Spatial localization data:
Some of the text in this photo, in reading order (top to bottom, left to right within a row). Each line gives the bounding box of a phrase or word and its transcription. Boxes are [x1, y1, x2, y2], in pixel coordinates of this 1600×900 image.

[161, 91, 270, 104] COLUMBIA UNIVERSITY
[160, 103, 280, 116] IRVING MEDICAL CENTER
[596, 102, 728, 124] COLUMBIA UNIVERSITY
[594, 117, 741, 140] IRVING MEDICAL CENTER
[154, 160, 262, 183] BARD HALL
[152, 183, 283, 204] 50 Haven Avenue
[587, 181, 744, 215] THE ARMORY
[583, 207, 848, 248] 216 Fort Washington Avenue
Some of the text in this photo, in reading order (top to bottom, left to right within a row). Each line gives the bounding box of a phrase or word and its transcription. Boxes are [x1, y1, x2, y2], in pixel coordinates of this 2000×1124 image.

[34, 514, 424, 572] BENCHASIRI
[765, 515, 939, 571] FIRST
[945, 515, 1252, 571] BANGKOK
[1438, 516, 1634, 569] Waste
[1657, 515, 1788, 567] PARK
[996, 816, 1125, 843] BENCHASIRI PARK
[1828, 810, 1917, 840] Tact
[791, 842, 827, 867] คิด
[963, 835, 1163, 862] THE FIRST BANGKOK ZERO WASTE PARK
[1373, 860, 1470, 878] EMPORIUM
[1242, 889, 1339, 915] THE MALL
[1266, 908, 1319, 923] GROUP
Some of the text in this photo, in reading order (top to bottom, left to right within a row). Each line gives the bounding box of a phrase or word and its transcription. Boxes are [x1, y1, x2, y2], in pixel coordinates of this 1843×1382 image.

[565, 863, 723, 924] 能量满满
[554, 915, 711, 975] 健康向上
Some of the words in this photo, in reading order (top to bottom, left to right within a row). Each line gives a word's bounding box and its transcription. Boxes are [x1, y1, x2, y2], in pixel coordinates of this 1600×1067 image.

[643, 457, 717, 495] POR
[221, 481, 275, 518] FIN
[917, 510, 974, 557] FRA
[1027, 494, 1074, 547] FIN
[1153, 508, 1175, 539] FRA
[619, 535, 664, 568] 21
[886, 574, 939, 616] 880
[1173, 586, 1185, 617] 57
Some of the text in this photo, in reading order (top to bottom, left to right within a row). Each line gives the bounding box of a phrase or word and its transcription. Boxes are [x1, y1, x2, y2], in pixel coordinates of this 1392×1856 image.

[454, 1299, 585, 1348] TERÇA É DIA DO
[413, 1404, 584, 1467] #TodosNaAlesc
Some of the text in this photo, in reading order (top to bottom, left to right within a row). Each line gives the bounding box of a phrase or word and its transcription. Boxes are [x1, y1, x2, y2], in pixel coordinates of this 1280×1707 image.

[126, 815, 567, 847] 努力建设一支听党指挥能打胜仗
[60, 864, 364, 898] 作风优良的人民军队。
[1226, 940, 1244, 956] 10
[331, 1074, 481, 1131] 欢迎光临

§ **TRY IT**:
Set down each line from the line containing "this 1280×1707 image." through the final line of the data, exactly and with nothing added.

§ **SOLUTION**:
Some of the text in this photo, in reading order (top to bottom, left to right within a row). Each line gives the bounding box of a phrase or word and its transcription. Boxes are [x1, y1, x2, y2], in pixel coordinates of this 1280×1707 image.

[126, 815, 567, 847] 努力建设一支听党指挥能打胜仗
[60, 864, 364, 898] 作风优良的人民军队。
[1226, 940, 1244, 956] 10
[331, 1074, 481, 1131] 欢迎光临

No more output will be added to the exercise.